- Opening Delimiter -

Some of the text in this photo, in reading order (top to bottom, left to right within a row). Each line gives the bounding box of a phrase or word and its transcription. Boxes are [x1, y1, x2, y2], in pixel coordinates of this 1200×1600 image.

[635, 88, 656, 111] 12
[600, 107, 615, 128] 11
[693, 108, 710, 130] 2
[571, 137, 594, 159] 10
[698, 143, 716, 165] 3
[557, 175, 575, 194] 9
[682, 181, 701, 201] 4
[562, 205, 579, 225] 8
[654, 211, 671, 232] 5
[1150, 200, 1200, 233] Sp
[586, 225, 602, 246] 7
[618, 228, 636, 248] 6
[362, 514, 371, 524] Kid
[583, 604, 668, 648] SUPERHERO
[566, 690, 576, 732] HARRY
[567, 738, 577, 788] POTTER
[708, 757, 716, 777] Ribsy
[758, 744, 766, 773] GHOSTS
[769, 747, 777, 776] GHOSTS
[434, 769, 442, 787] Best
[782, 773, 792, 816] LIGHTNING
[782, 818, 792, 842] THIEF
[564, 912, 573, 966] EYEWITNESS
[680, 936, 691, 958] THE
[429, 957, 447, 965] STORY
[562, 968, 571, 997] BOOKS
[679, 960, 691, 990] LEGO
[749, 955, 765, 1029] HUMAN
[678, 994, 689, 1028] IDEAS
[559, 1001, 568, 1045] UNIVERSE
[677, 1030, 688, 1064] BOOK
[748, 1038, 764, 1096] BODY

- Closing Delimiter -

**WORK TASK:** Nothing but an exact repetition of the entries is expected here.

**YOUR SOLUTION:**
Some of the text in this photo, in reading order (top to bottom, left to right within a row). Each line gives the bounding box of a phrase or word and its transcription. Boxes are [x1, y1, x2, y2], in pixel coordinates of this 1200×1600 image.

[635, 88, 656, 111] 12
[600, 107, 615, 128] 11
[693, 108, 710, 130] 2
[571, 137, 594, 159] 10
[698, 143, 716, 165] 3
[557, 175, 575, 194] 9
[682, 181, 701, 201] 4
[562, 205, 579, 225] 8
[654, 211, 671, 232] 5
[1150, 200, 1200, 233] Sp
[586, 225, 602, 246] 7
[618, 228, 636, 248] 6
[362, 514, 371, 524] Kid
[583, 604, 668, 648] SUPERHERO
[566, 690, 576, 732] HARRY
[567, 738, 577, 788] POTTER
[708, 757, 716, 777] Ribsy
[758, 744, 766, 773] GHOSTS
[769, 747, 777, 776] GHOSTS
[434, 769, 442, 787] Best
[782, 773, 792, 816] LIGHTNING
[782, 818, 792, 842] THIEF
[564, 912, 573, 966] EYEWITNESS
[680, 936, 691, 958] THE
[429, 957, 447, 965] STORY
[562, 968, 571, 997] BOOKS
[679, 960, 691, 990] LEGO
[749, 955, 765, 1029] HUMAN
[678, 994, 689, 1028] IDEAS
[559, 1001, 568, 1045] UNIVERSE
[677, 1030, 688, 1064] BOOK
[748, 1038, 764, 1096] BODY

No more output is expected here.